── Provided information ──
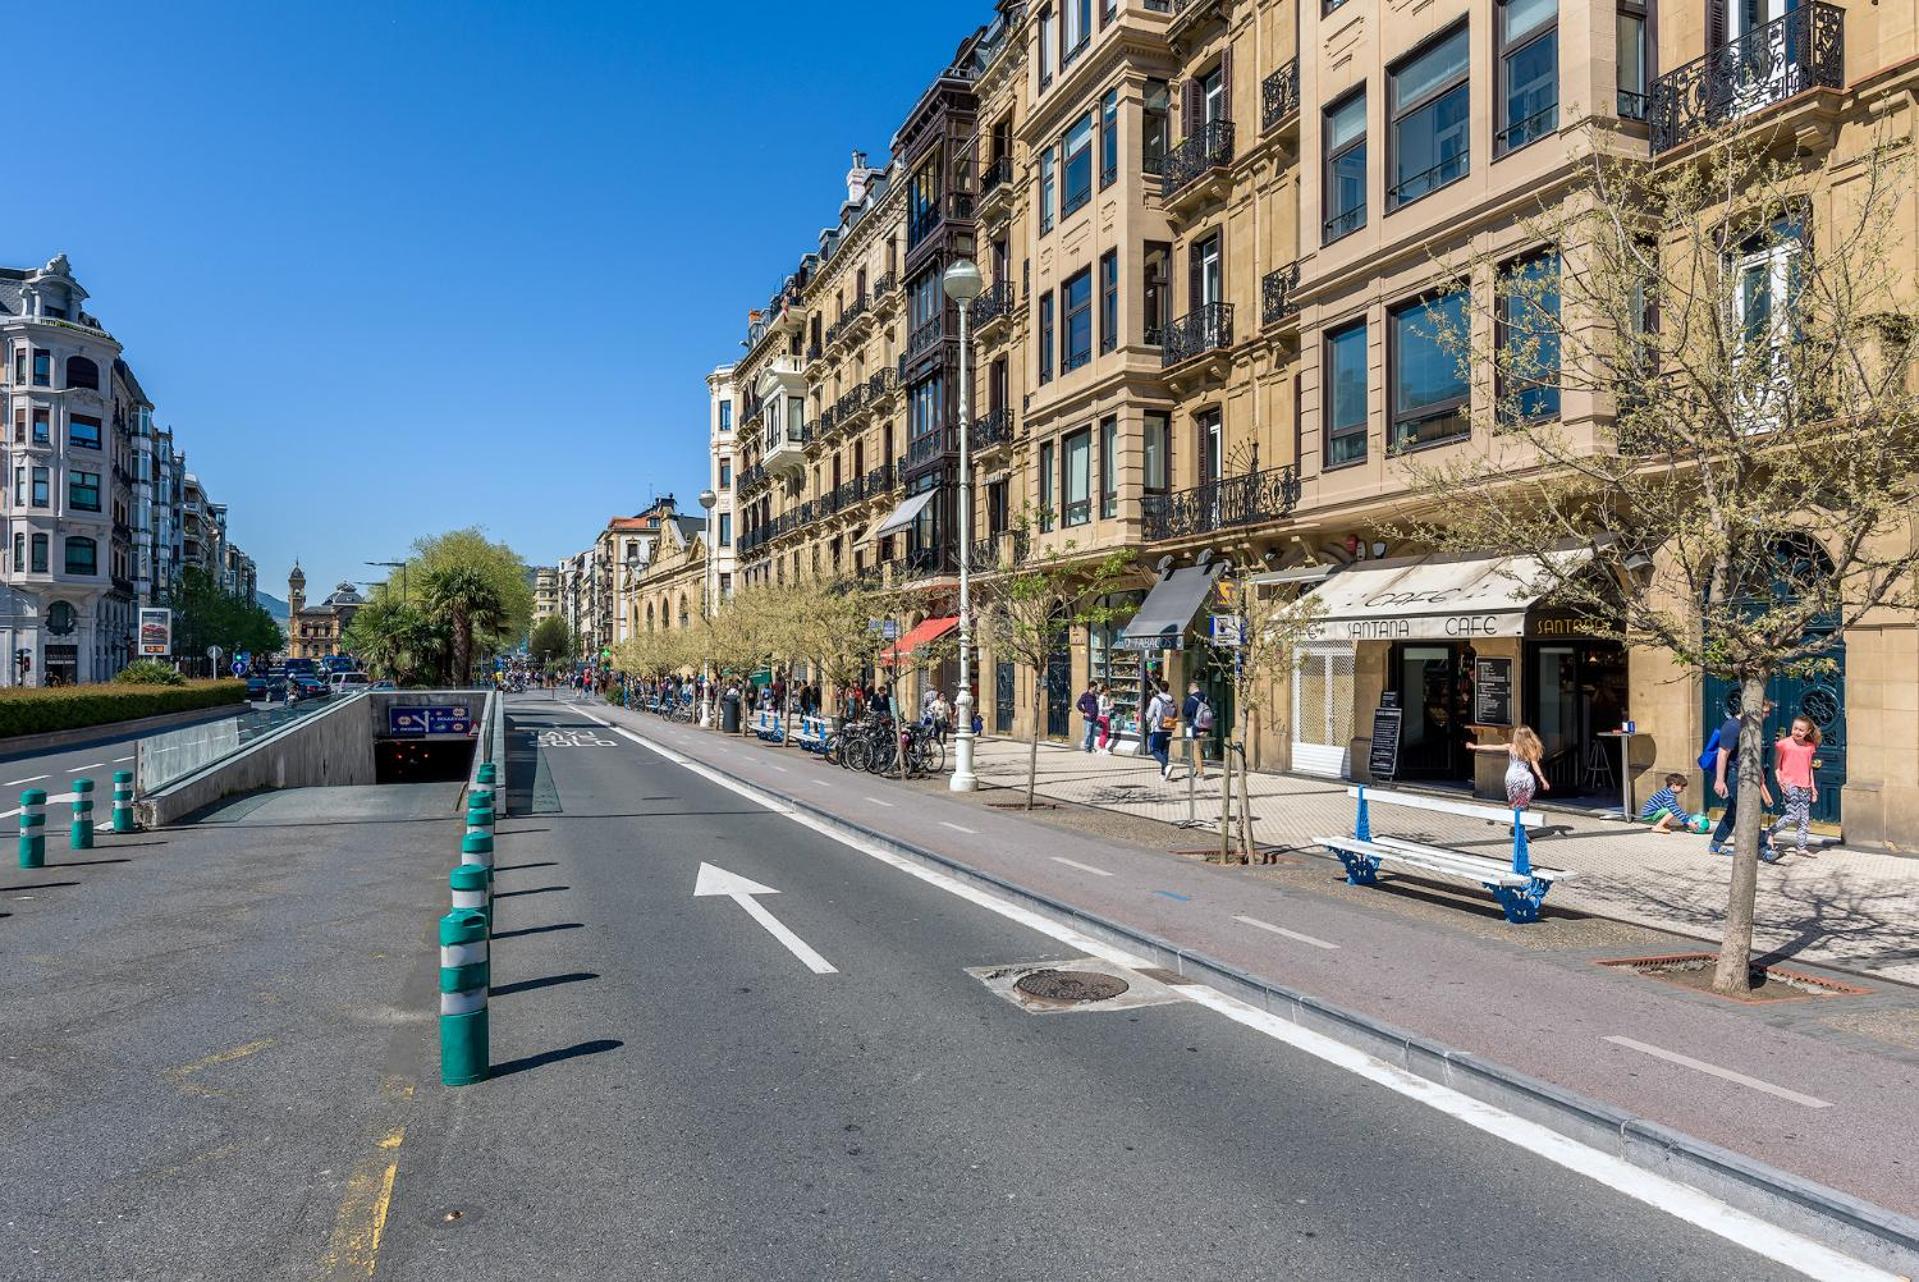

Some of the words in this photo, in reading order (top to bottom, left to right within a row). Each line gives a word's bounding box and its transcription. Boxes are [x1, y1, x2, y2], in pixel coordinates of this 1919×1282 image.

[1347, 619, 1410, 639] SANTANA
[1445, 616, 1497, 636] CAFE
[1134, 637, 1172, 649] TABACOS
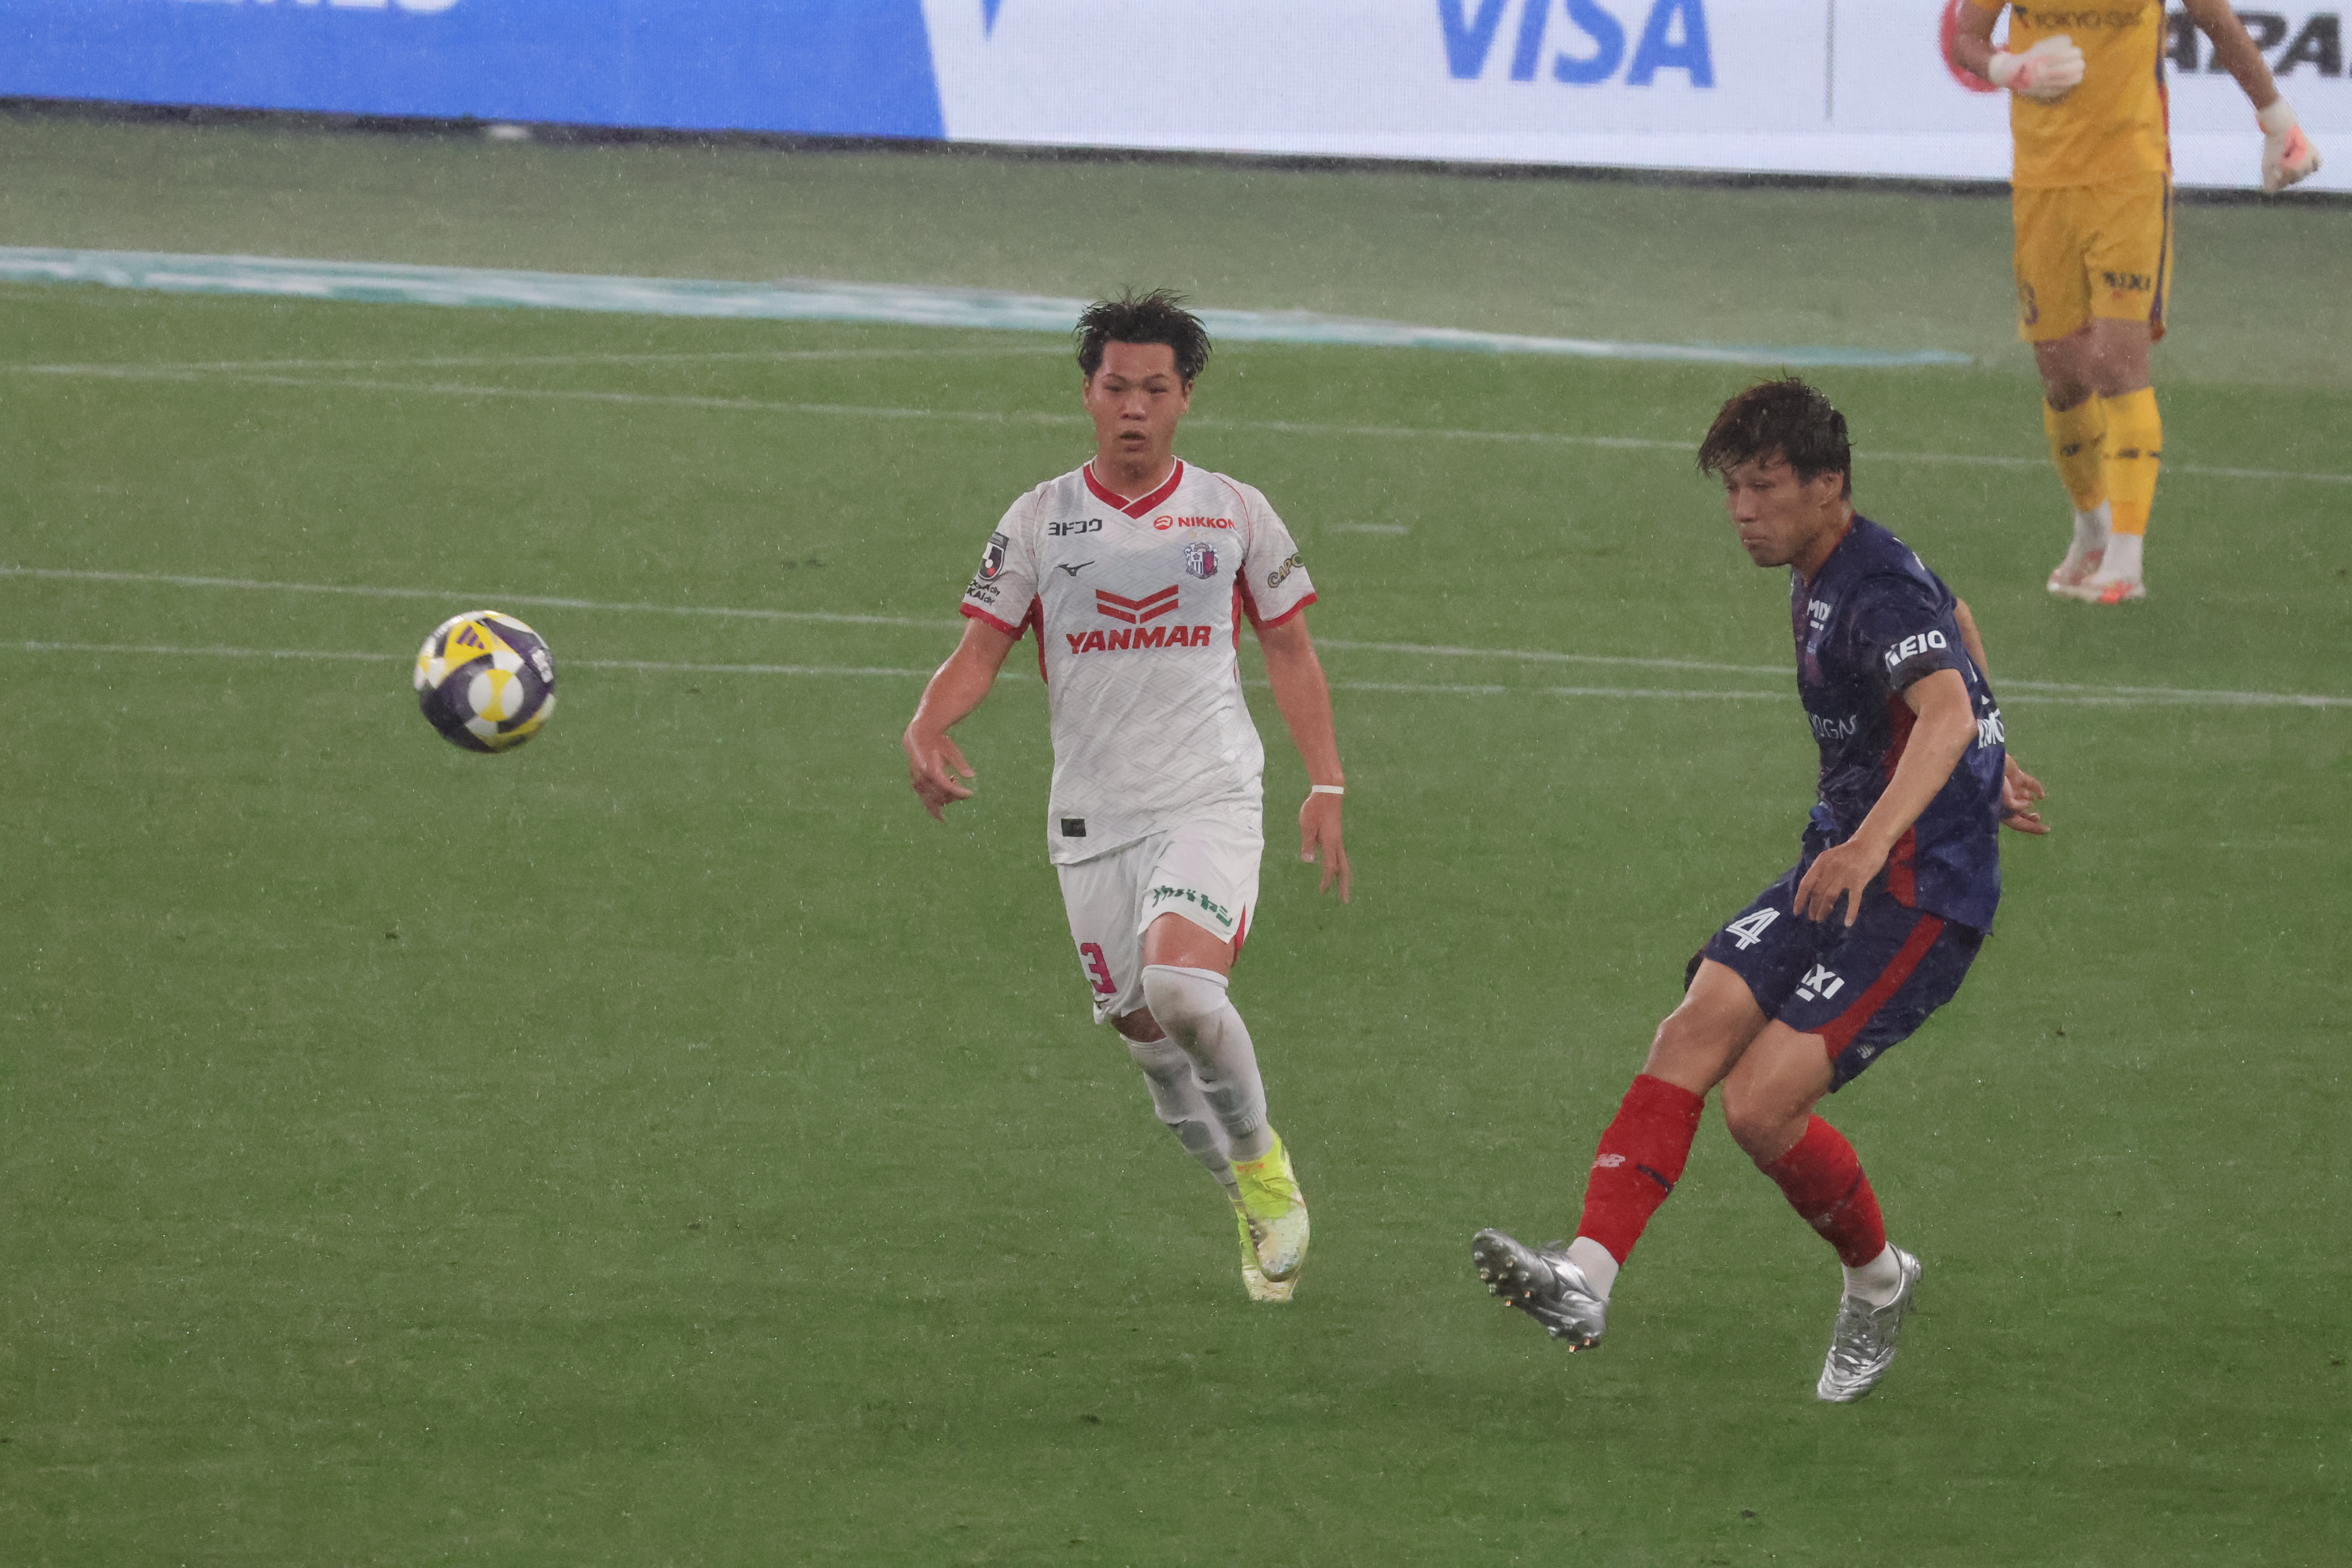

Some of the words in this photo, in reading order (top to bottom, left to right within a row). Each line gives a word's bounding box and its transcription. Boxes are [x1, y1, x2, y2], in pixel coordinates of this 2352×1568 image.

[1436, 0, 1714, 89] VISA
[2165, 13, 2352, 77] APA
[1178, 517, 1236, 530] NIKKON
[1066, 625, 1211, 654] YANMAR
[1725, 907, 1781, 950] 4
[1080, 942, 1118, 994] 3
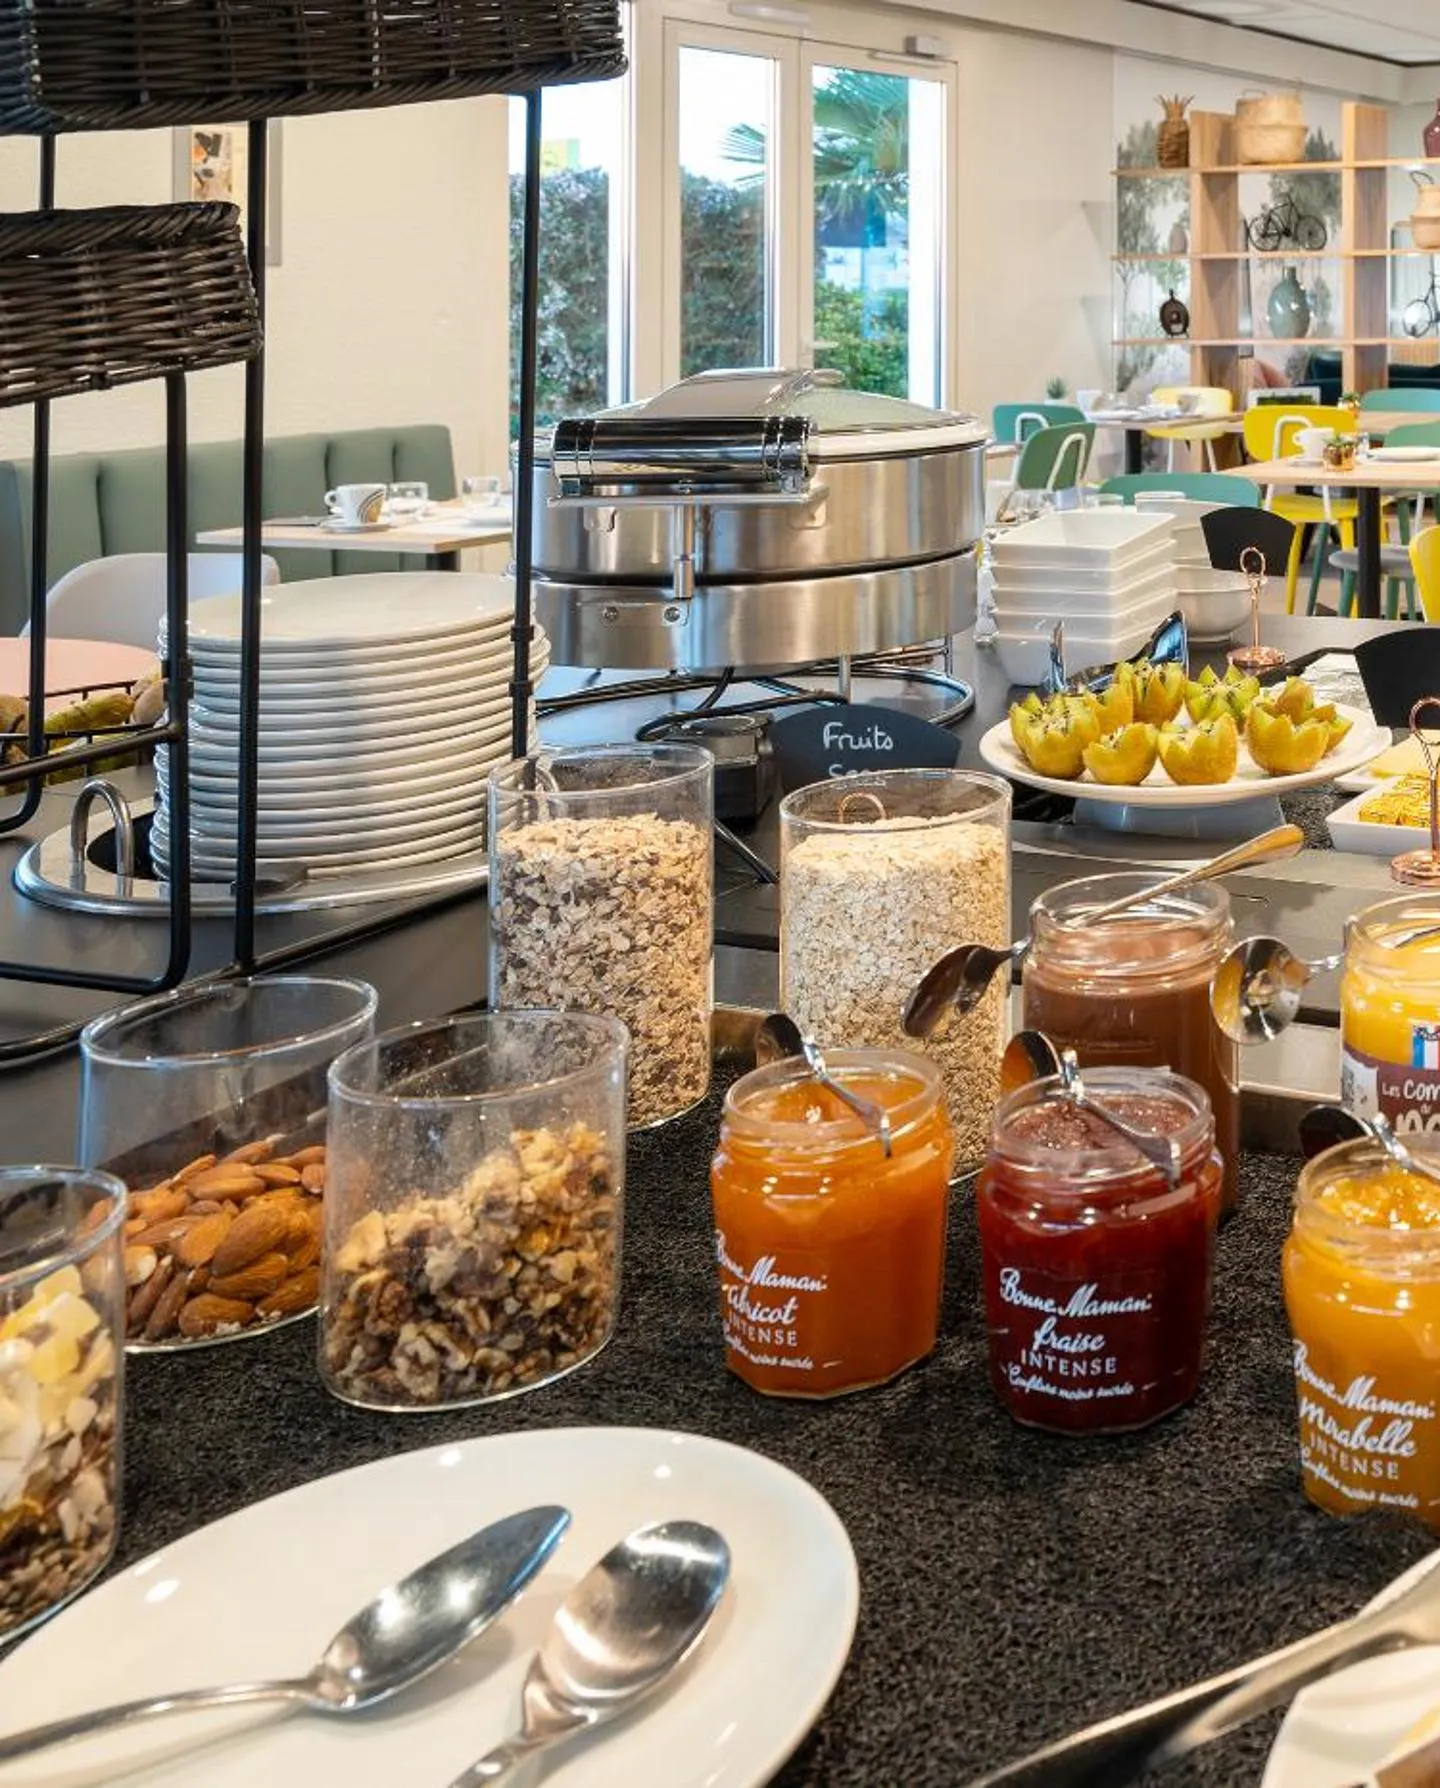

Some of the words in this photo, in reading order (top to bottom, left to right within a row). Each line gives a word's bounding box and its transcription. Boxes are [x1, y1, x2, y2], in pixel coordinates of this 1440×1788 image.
───
The entries above are to be repeated exactly, except for any pictures.

Some of the words in this photo, in reading order (top to bottom, left to right within a row). Each line gives a word's bounding box and its transcription. Boxes are [x1, y1, x2, y2], in pixel coordinates of this 1919×1282 image.

[1347, 619, 1410, 639] SANTANA
[1445, 616, 1497, 636] CAFE
[1134, 637, 1172, 649] TABACOS

Some of the words in this photo, in reading order (top to bottom, left to right within a row). Each line gives a word's bounding box and its transcription. Boxes are [x1, y1, x2, y2], in pixel coordinates of this 2352×1568 image.

[1436, 0, 1714, 89] VISA
[2165, 13, 2352, 77] APA
[1178, 517, 1236, 530] NIKKON
[1066, 625, 1211, 654] YANMAR
[1725, 907, 1781, 950] 4
[1080, 942, 1118, 994] 3

Some of the words in this photo, in reading order (top to bottom, left to right within a row). Each line gives a word's bounding box and its transcription. Boxes are [x1, y1, x2, y2], in pixel coordinates of this 1440×1788 image.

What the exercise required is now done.